* **ABOUT THIS TASK**: Below are some records; repeat them all exactly, minus the pictures.

··· INFORMATION ···

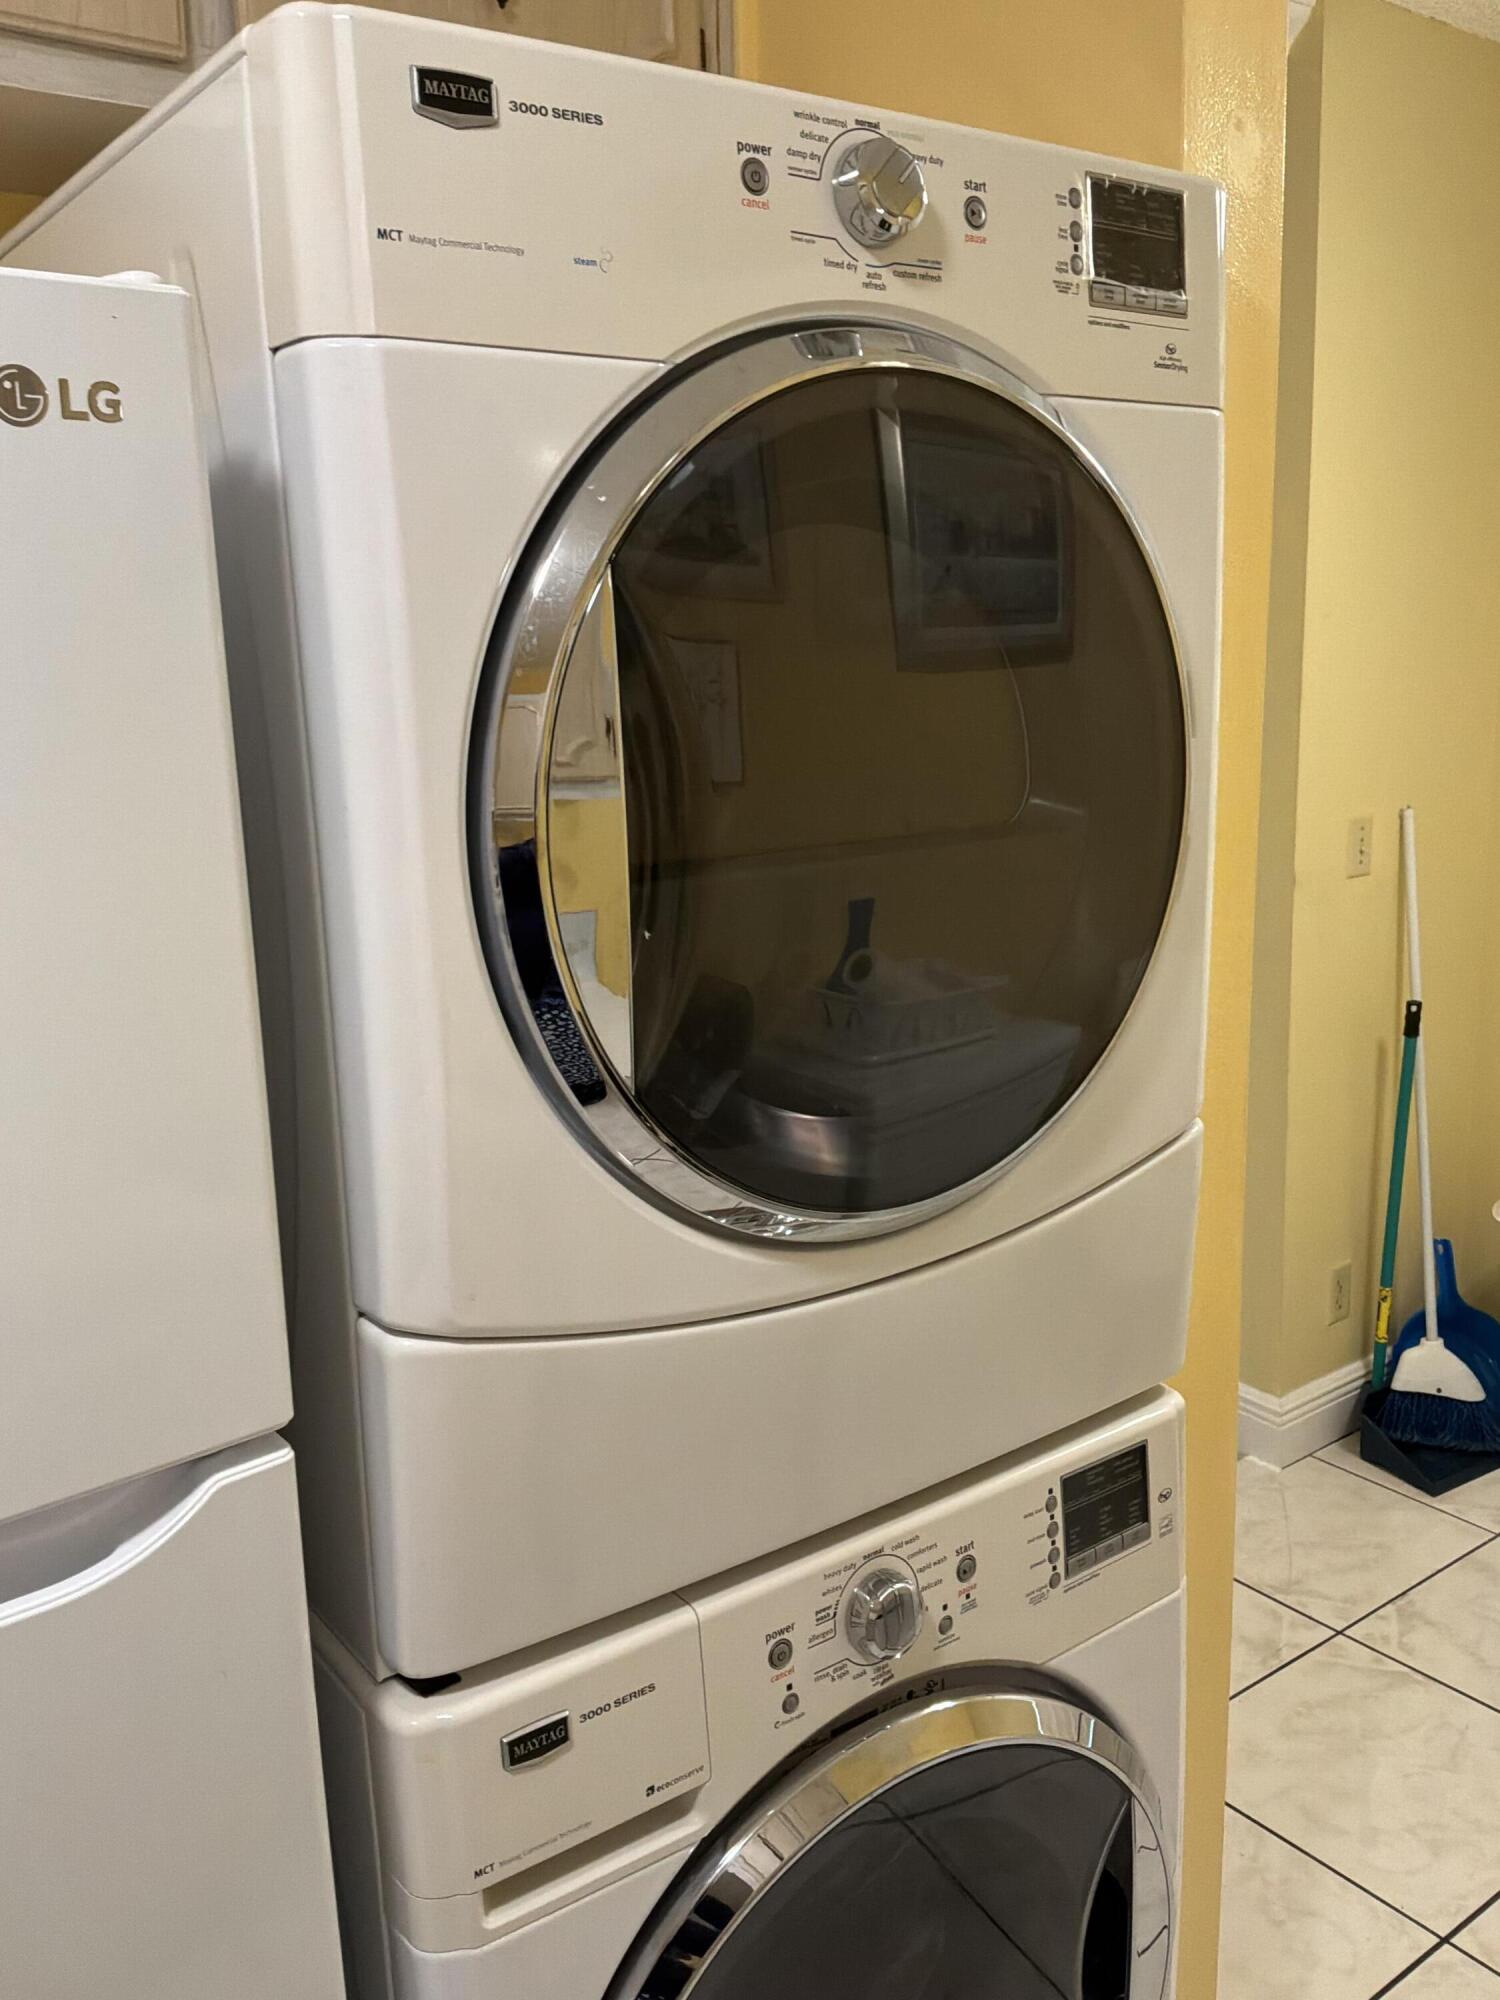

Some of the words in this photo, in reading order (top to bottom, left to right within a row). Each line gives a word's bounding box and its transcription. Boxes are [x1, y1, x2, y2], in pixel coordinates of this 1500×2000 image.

[424, 79, 489, 104] MAYTAG
[508, 100, 549, 117] 3000
[552, 107, 603, 126] SERIES
[794, 111, 820, 123] wrinkle
[822, 117, 848, 128] control
[854, 118, 880, 130] normal
[800, 130, 829, 144] delicate
[737, 141, 772, 156] power
[786, 147, 808, 160] damp
[808, 151, 821, 163] dry
[964, 179, 986, 193] start
[742, 198, 769, 210] cancel
[377, 228, 403, 242] MCT
[573, 257, 598, 266] steam
[824, 258, 845, 270] timed
[846, 261, 858, 274] dry
[865, 271, 883, 281] auto
[892, 269, 917, 280] custom
[918, 271, 943, 283] refresh
[862, 281, 887, 292] refresh
[58, 378, 123, 423] LG
[863, 1546, 884, 1560] normal
[891, 1541, 904, 1552] cold
[956, 1540, 975, 1557] start
[843, 1562, 857, 1574] duty
[765, 1622, 796, 1645] power
[808, 1628, 834, 1644] allergen
[770, 1664, 795, 1683] cancel
[579, 1703, 612, 1724] 3000
[614, 1683, 656, 1708] SERIES
[513, 1724, 566, 1759] MAYTAG
[474, 1862, 495, 1880] MCT

···

* **YOUR RESPONSE**:
Some of the words in this photo, in reading order (top to bottom, left to right within a row). Each line gives a word's bounding box and its transcription. Boxes are [x1, y1, x2, y2], in pixel coordinates of this 1500×2000 image.

[424, 79, 489, 104] MAYTAG
[508, 100, 549, 117] 3000
[552, 107, 603, 126] SERIES
[794, 111, 820, 123] wrinkle
[822, 117, 848, 128] control
[854, 118, 880, 130] normal
[800, 130, 829, 144] delicate
[737, 141, 772, 156] power
[786, 147, 808, 160] damp
[808, 151, 821, 163] dry
[964, 179, 986, 193] start
[742, 198, 769, 210] cancel
[377, 228, 403, 242] MCT
[573, 257, 598, 266] steam
[824, 258, 845, 270] timed
[846, 261, 858, 274] dry
[865, 271, 883, 281] auto
[892, 269, 917, 280] custom
[918, 271, 943, 283] refresh
[862, 281, 887, 292] refresh
[58, 378, 123, 423] LG
[863, 1546, 884, 1560] normal
[891, 1541, 904, 1552] cold
[956, 1540, 975, 1557] start
[843, 1562, 857, 1574] duty
[765, 1622, 796, 1645] power
[808, 1628, 834, 1644] allergen
[770, 1664, 795, 1683] cancel
[579, 1703, 612, 1724] 3000
[614, 1683, 656, 1708] SERIES
[513, 1724, 566, 1759] MAYTAG
[474, 1862, 495, 1880] MCT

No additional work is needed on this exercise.